The atmospherics worked against McCain. His eyes were obviously bothering him under the lights, so he was blinking almost manically at times. He often glared, either at Obama or at moderator Bob Schieffer. Obama was shaken and uncertain many times in the debate, but never lost his cool.
McCain took advantage of Obama’s unease, praising him for eloquence and pointing out that Obama’s carefully-parsed words often conceal his out-of-the-mainstream opinions. Obama is the lawyer, arguing fine points. McCain speaks clearly, as a leader must.
But McCain dropped the ball on Supreme Court appointments. Asked by Schieffer if he’d not nominate a justice who supported Roe v. Wade, McCain took an odd turn. McCain said he’d not impose any litmus test on Supreme Court nominations and spoke about the “Gang of 14” which he championed to prevent Republicans from imposing a simple majority vote for judicial nominations.
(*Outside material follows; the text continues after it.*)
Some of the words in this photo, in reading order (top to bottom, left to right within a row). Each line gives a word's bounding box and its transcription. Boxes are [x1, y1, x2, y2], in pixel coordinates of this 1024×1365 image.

McCain is unquestionably pro-life: he spoke eloquently about his family and how Sarah Palin knows first-hand about caring for special-needs children. He attacked Obama for his Illinois legislature votes against bills requiring medical care for infants that survive abortion. But why didn’t McCain simply say he’d not nominate judges who supported Roe v. Wade? Why did he emphasize the fact that he’d voted for Stephen Breyer and Ruth Bader Ginsburg, two of the most hard-core liberals serving on the high court?
Obama was more direct on his philosophy — reiterated often by running mate Joe Biden — that judges should be chosen on an ideological basis. Saying he agreed with McCain that there should be no litmus test for judicial nominations, Obama said that judges should be chosen for their ideas of “fairness and justice.” Which means he’d only appoint more Ginsburgs and Breyers.
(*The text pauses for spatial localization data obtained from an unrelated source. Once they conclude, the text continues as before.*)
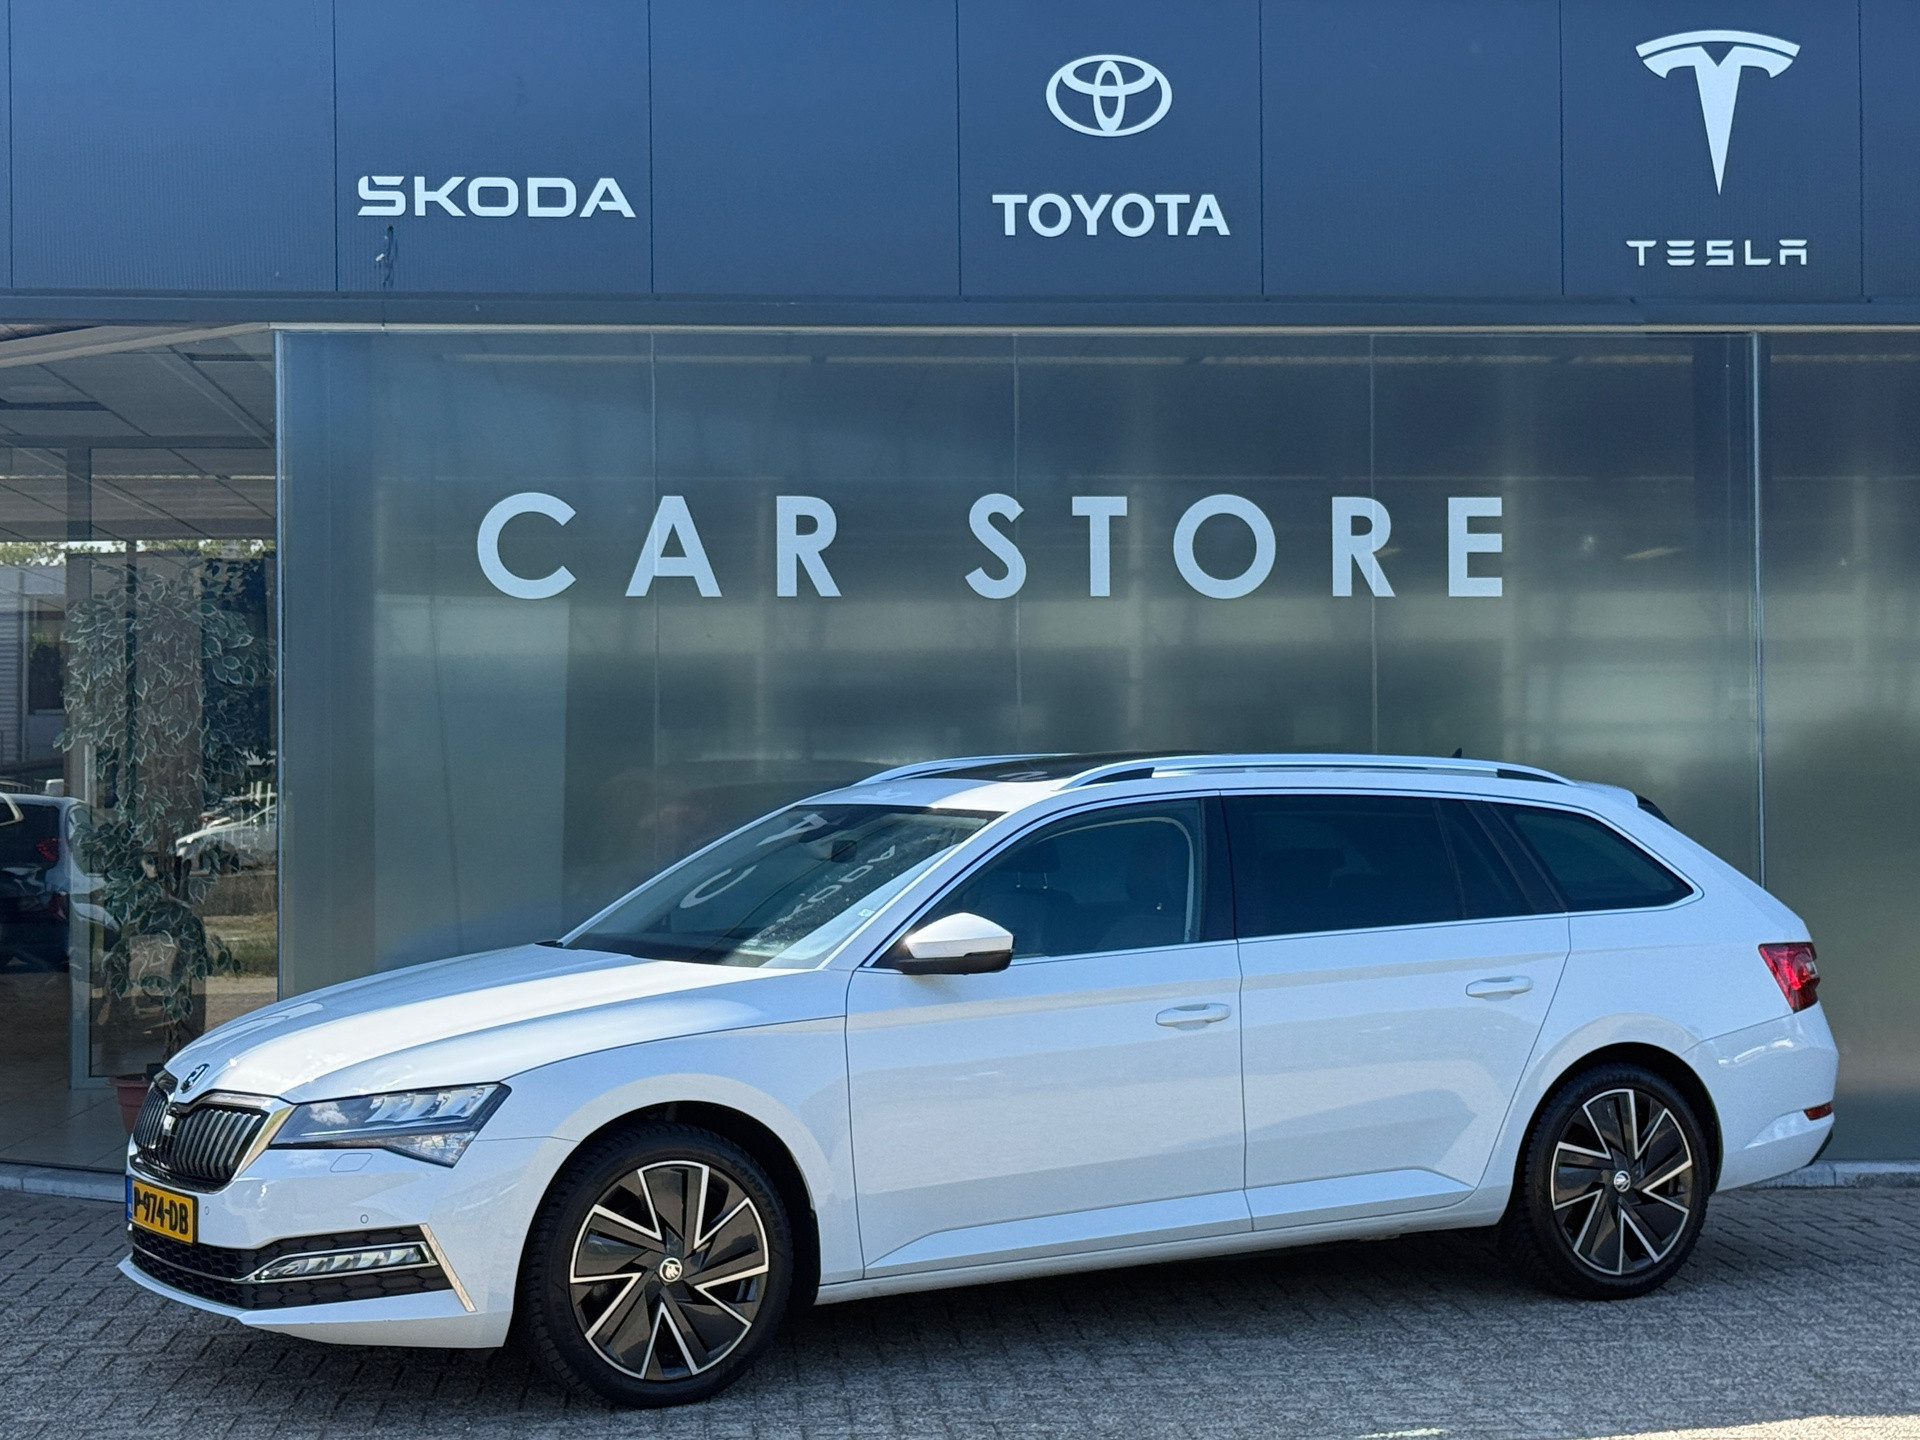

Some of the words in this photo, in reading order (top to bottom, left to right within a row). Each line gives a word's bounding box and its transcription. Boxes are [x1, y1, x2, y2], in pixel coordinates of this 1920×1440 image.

[357, 175, 636, 218] SKODA
[991, 193, 1231, 237] TOYOTA
[1625, 239, 1807, 266] TESLA
[476, 491, 842, 600] CAR
[964, 493, 1503, 600] STORE
[133, 1186, 189, 1236] P-974-DB
Obama said he believes the Constitution contains a right to privacy. He said he’d support limits on third trimester abortions if they had exceptions for the mother’s health.
McCain jumped on this, arguing — correctly — that the courts have stretched the “mother’s health” exception to mean almost anything.
Obama played the evening cautiously, like a football coach protecting a three-point lead in the last two minutes of the game, trying to control the ball and run out the clock. McCain’s two-minute offense was highly effective. But the clock is winding down. McCain is on Obama’s twenty-yard line and a field goal won’t be enough.
Unlike NFL football, there’s no overtime in this game. Obama’s lead in the polls is soft and will shrink markedly in the next few days. McCain can win unless Obama can run out the clock.